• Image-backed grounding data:
= = = = = = =

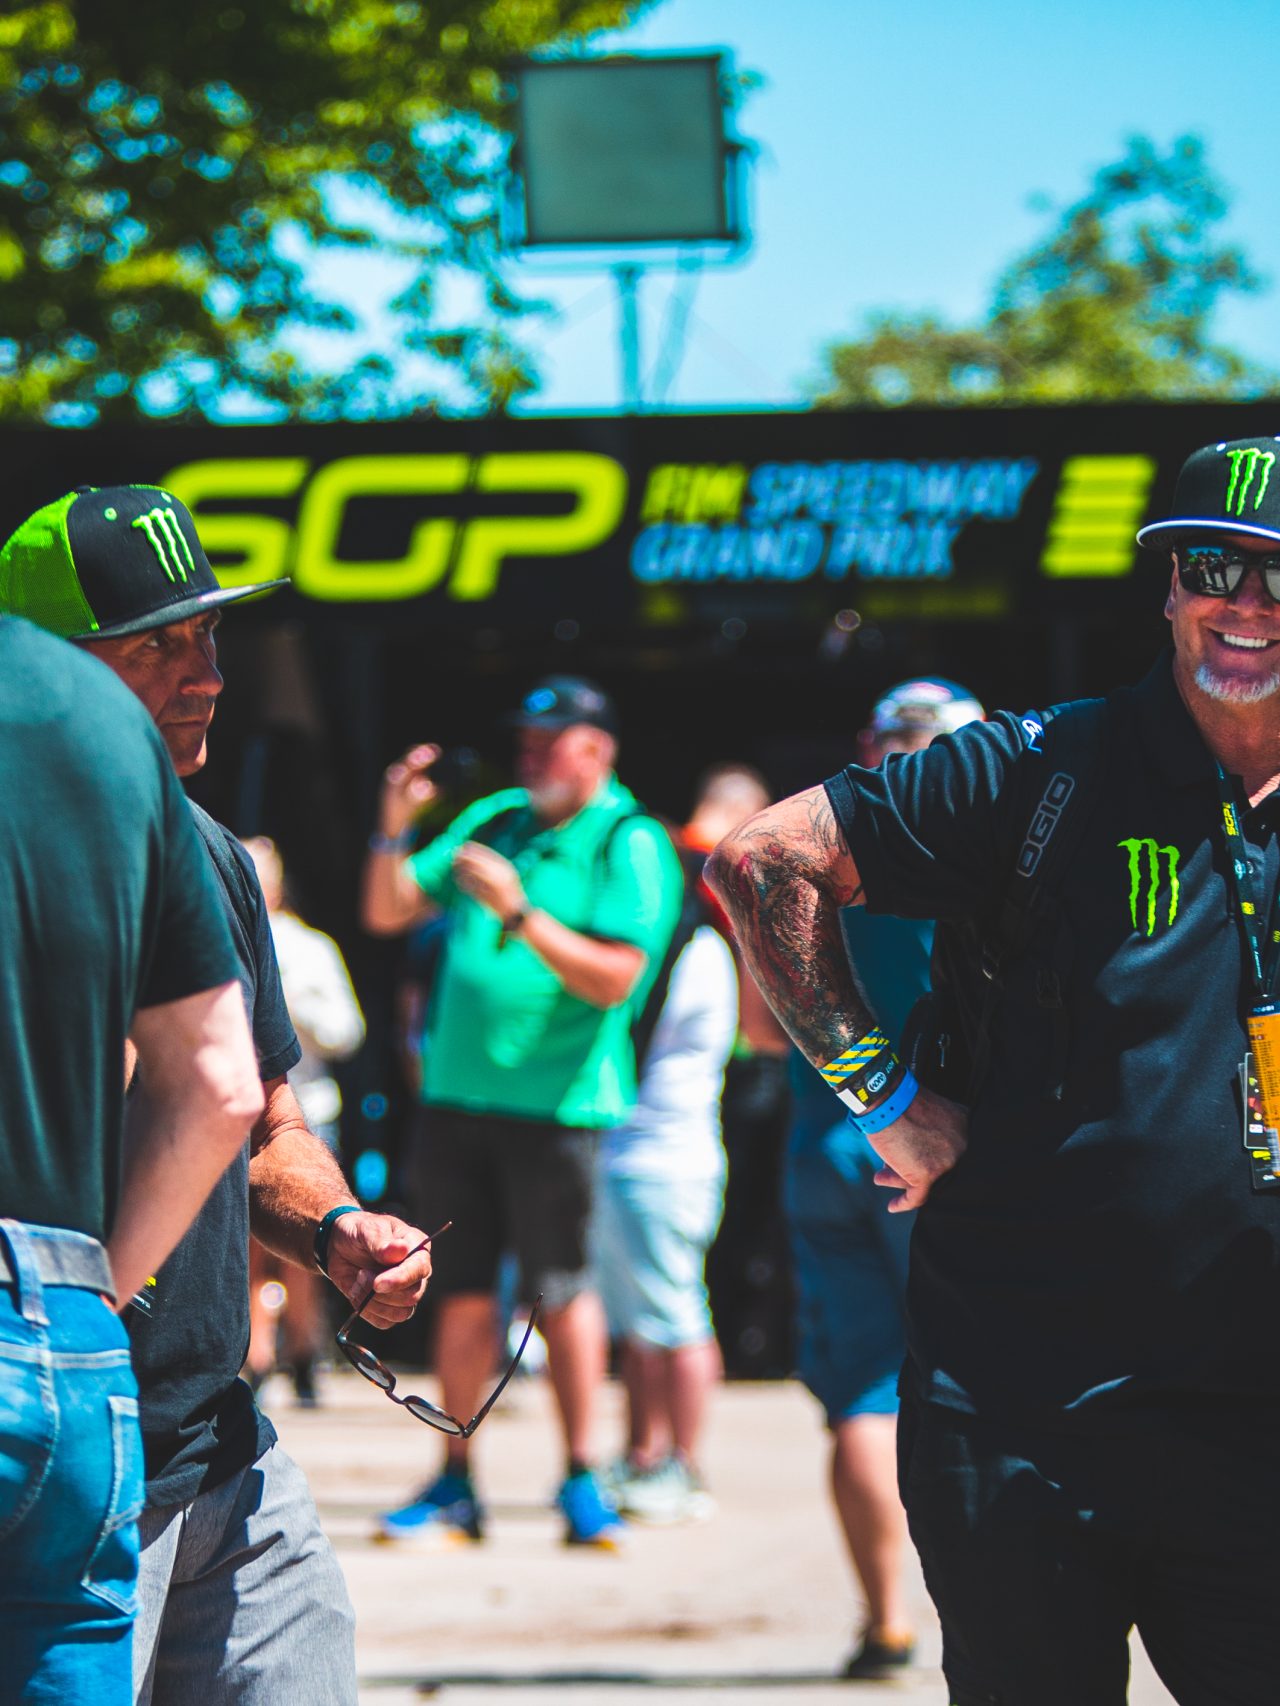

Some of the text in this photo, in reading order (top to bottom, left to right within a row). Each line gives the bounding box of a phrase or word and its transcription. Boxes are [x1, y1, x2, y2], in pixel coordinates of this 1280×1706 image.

[746, 459, 1038, 527] SPEEDWAY
[630, 522, 961, 583] GRAND PRIX
[1016, 772, 1076, 877] OGIO
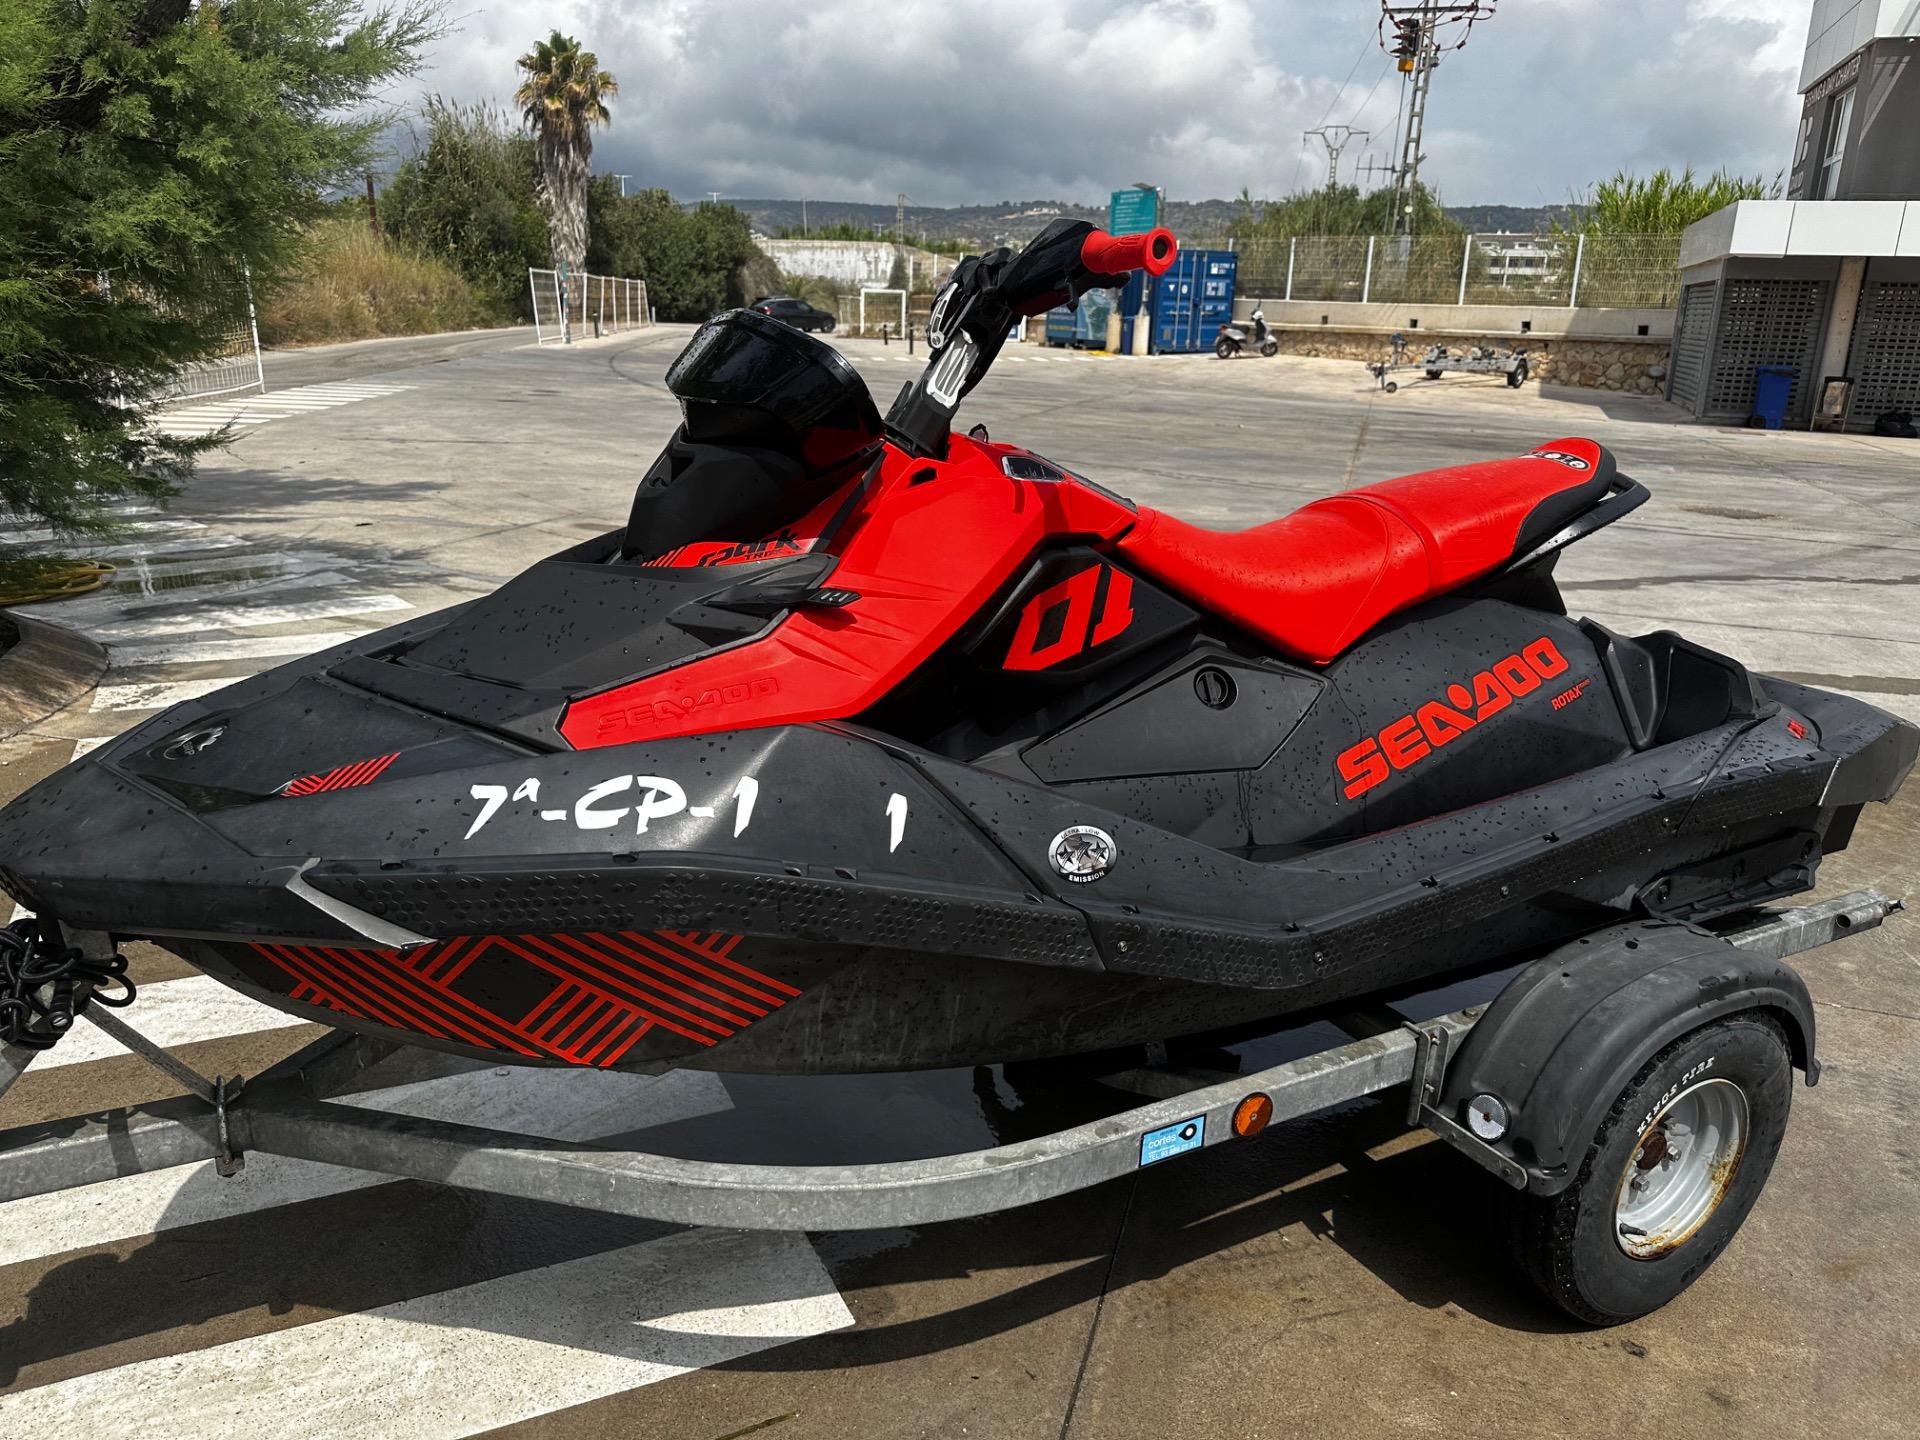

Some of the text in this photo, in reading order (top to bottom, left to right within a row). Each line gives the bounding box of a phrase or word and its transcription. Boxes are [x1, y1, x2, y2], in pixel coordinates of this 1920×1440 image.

[1551, 685, 1583, 711] ROTAX
[885, 792, 908, 853] 1
[1068, 870, 1105, 883] EMISSION
[1636, 1056, 1715, 1137] KINGS TIRE
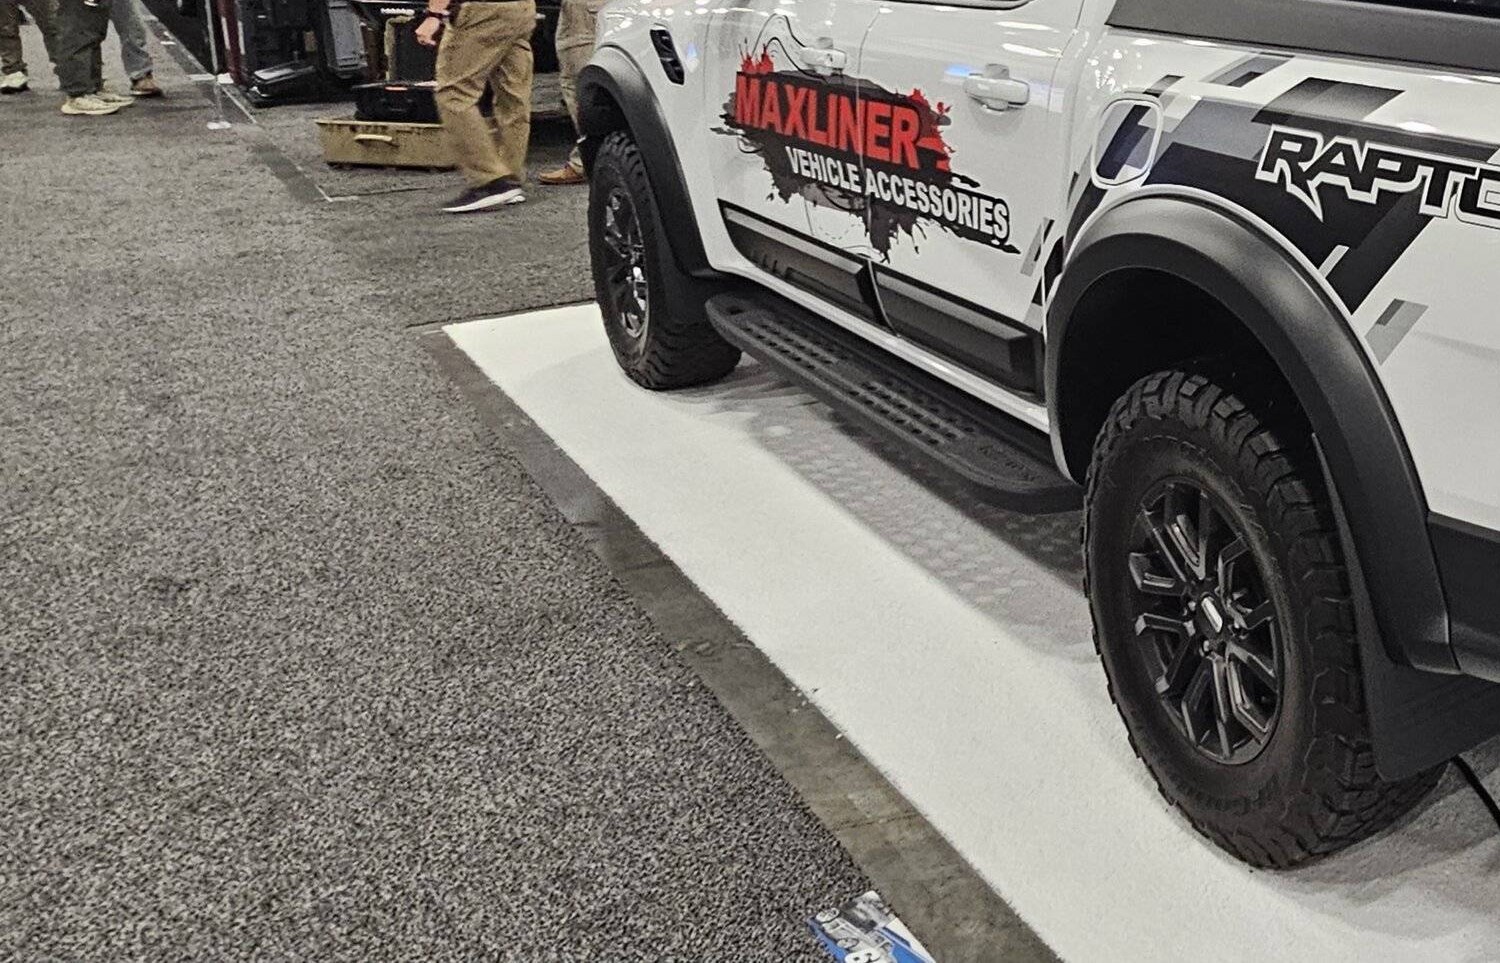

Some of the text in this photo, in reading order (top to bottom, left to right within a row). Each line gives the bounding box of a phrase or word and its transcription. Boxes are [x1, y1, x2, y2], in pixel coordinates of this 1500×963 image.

[736, 74, 921, 170] MAXLINER
[785, 146, 1010, 239] VEHICLE ACCESSORIES

= = = = = = =

• DIRECTIONS FOR THIS TASK: Without any pictures, please reproduce the full set of entries.

• TASK SOLUTION:
Some of the text in this photo, in reading order (top to bottom, left to right within a row). Each line gives the bounding box of a phrase or word and its transcription. Boxes are [x1, y1, x2, y2], in pixel coordinates of this 1280×1706 image.

[746, 459, 1038, 527] SPEEDWAY
[630, 522, 961, 583] GRAND PRIX
[1016, 772, 1076, 877] OGIO

Some of the text in this photo, in reading order (top to bottom, left to right within a row). Each line gives the bounding box of a phrase or word and its transcription. Boxes are [x1, y1, x2, y2], in pixel coordinates of this 1920×1440 image.

[1551, 685, 1583, 711] ROTAX
[885, 792, 908, 853] 1
[1068, 870, 1105, 883] EMISSION
[1636, 1056, 1715, 1137] KINGS TIRE

Some of the text in this photo, in reading order (top to bottom, left to right within a row). Each line gives the bounding box of a phrase or word and its transcription. Boxes are [x1, y1, x2, y2], in pixel coordinates of this 1500×963 image.

[736, 74, 921, 170] MAXLINER
[785, 146, 1010, 239] VEHICLE ACCESSORIES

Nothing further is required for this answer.